Ao som do Coro e Orquestra do Teatro Nacional de São Carlos, a sessão de homenagem começará ao som da voz do próprio Mário Soares, seguida de uma intervenção do seu filho João Soares, de uma gravação da voz de Maria Barroso e de uma intervenção da filha Isabel.

O primeiro-ministro António Costa fará uma intervenção por videoconferência, uma vez que se encontra numa visita de Estado à Índia. Também Ferro Rodrigues, presidente da Assembleia da República, e Marcelo Rebelo de Sousa, presidente da República, irão discursar.

Dos Jerónimos, o cortejo seguirá para o cemitério dos Prazeres. A meio irá parar junto à Assembleia da República e à Fundação Mário Soares e em frente à sede do PS, no Largo do Rato.

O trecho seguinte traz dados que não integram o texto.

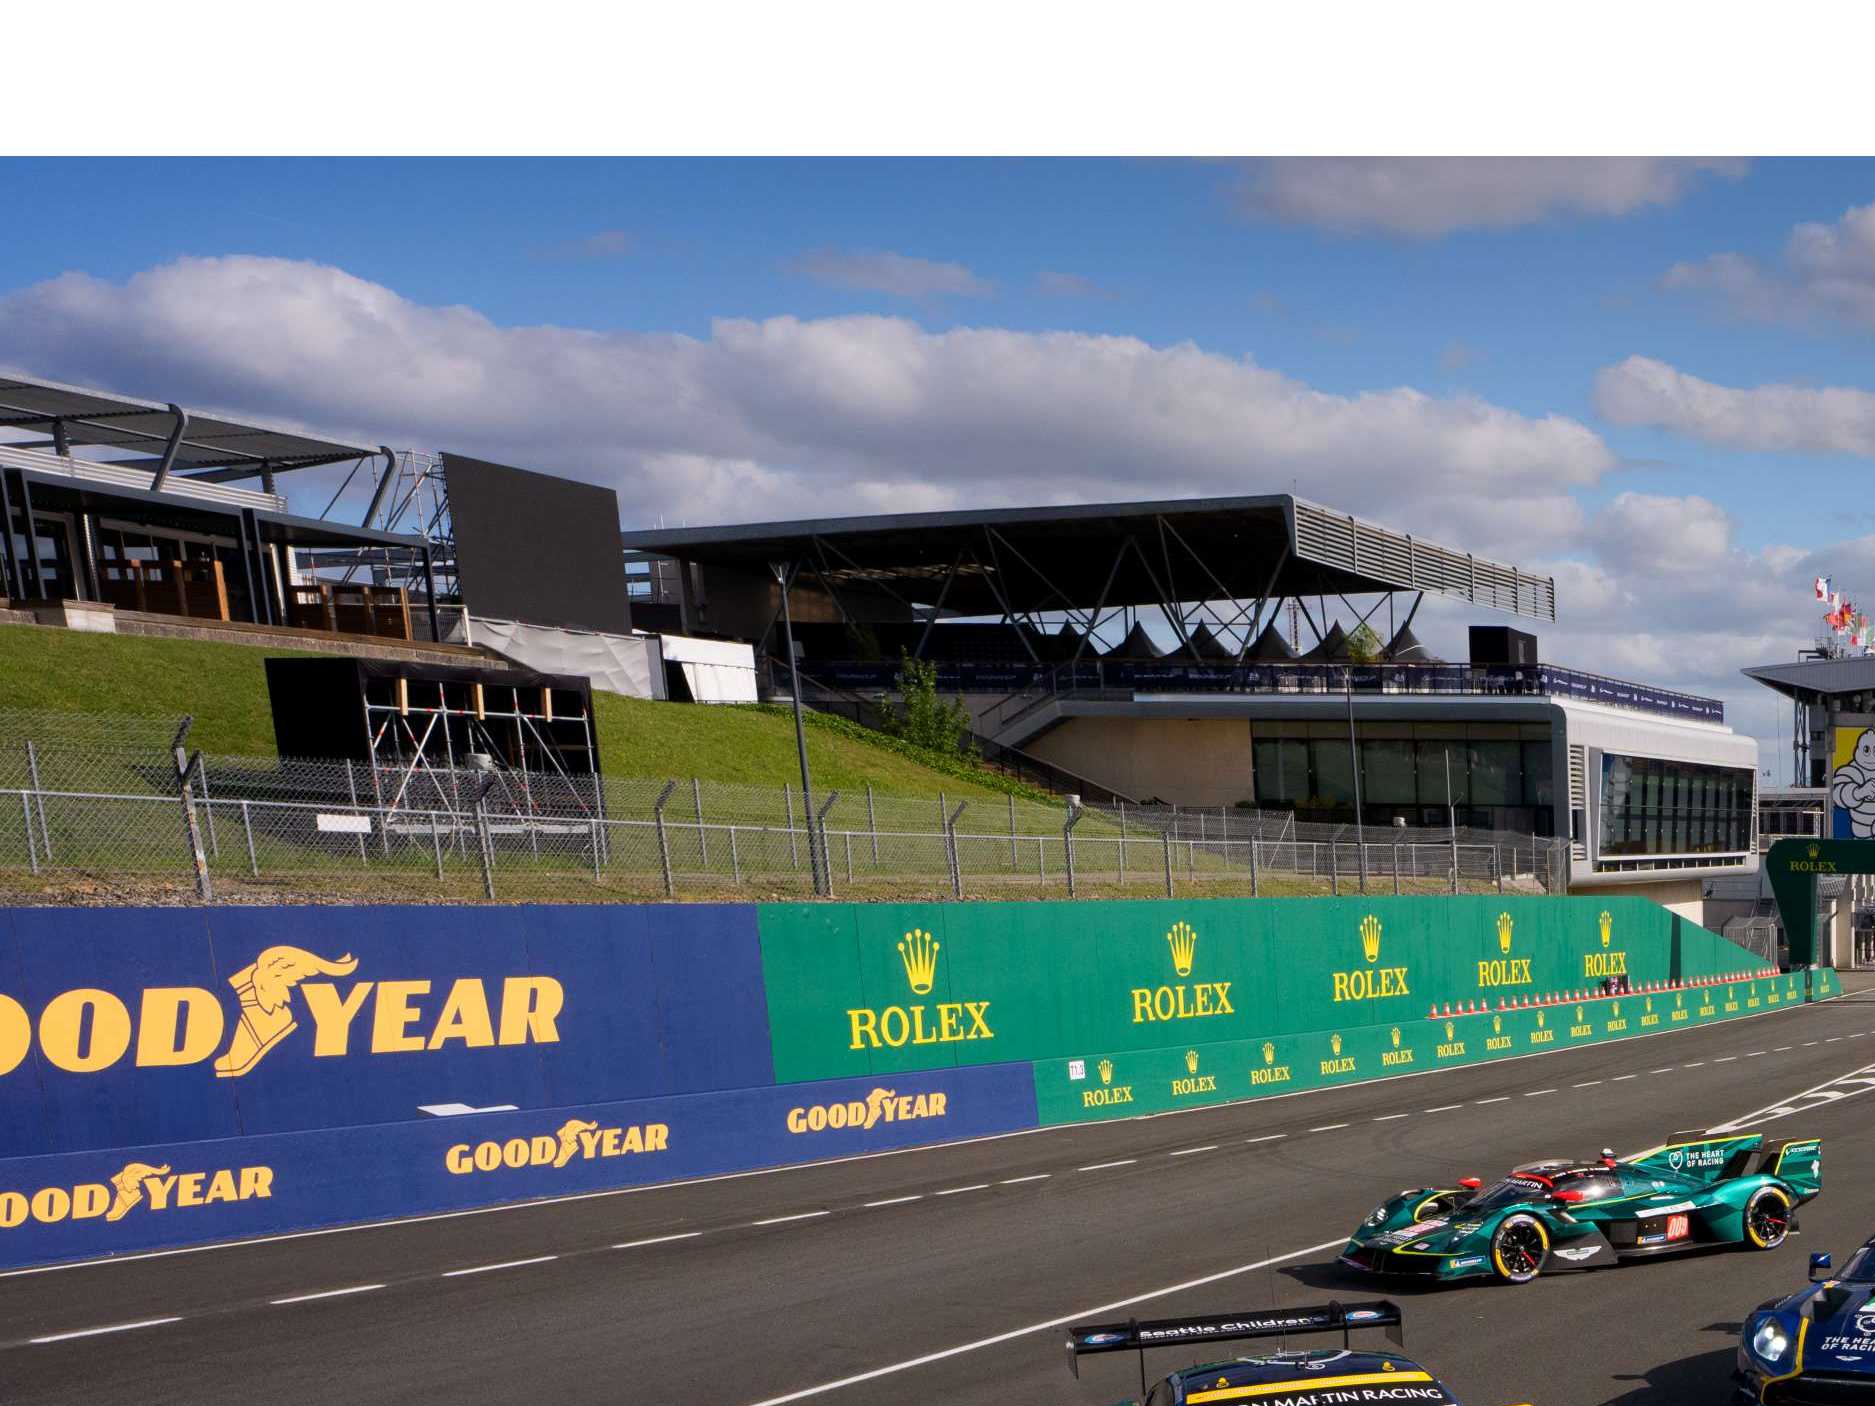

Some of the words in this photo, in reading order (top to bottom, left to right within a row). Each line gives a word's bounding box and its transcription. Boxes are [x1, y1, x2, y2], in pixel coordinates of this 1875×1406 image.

À chegada ao cemitério estará um batalhão composto pelos três ramos das Forças Armadas. Um dos pelotões da guarda de honra executará tiros de salva.

Junto à capela realiza-se uma última homenagem, durante a qual será ouvida a voz de Mário Soares.

Quando a urna chegar ao jazigo, serão disparados 21 tiros de salva pela Marinha, a partir de uma embarcação fundeada no Tejo. Depois a cerimónia será apenas para a família.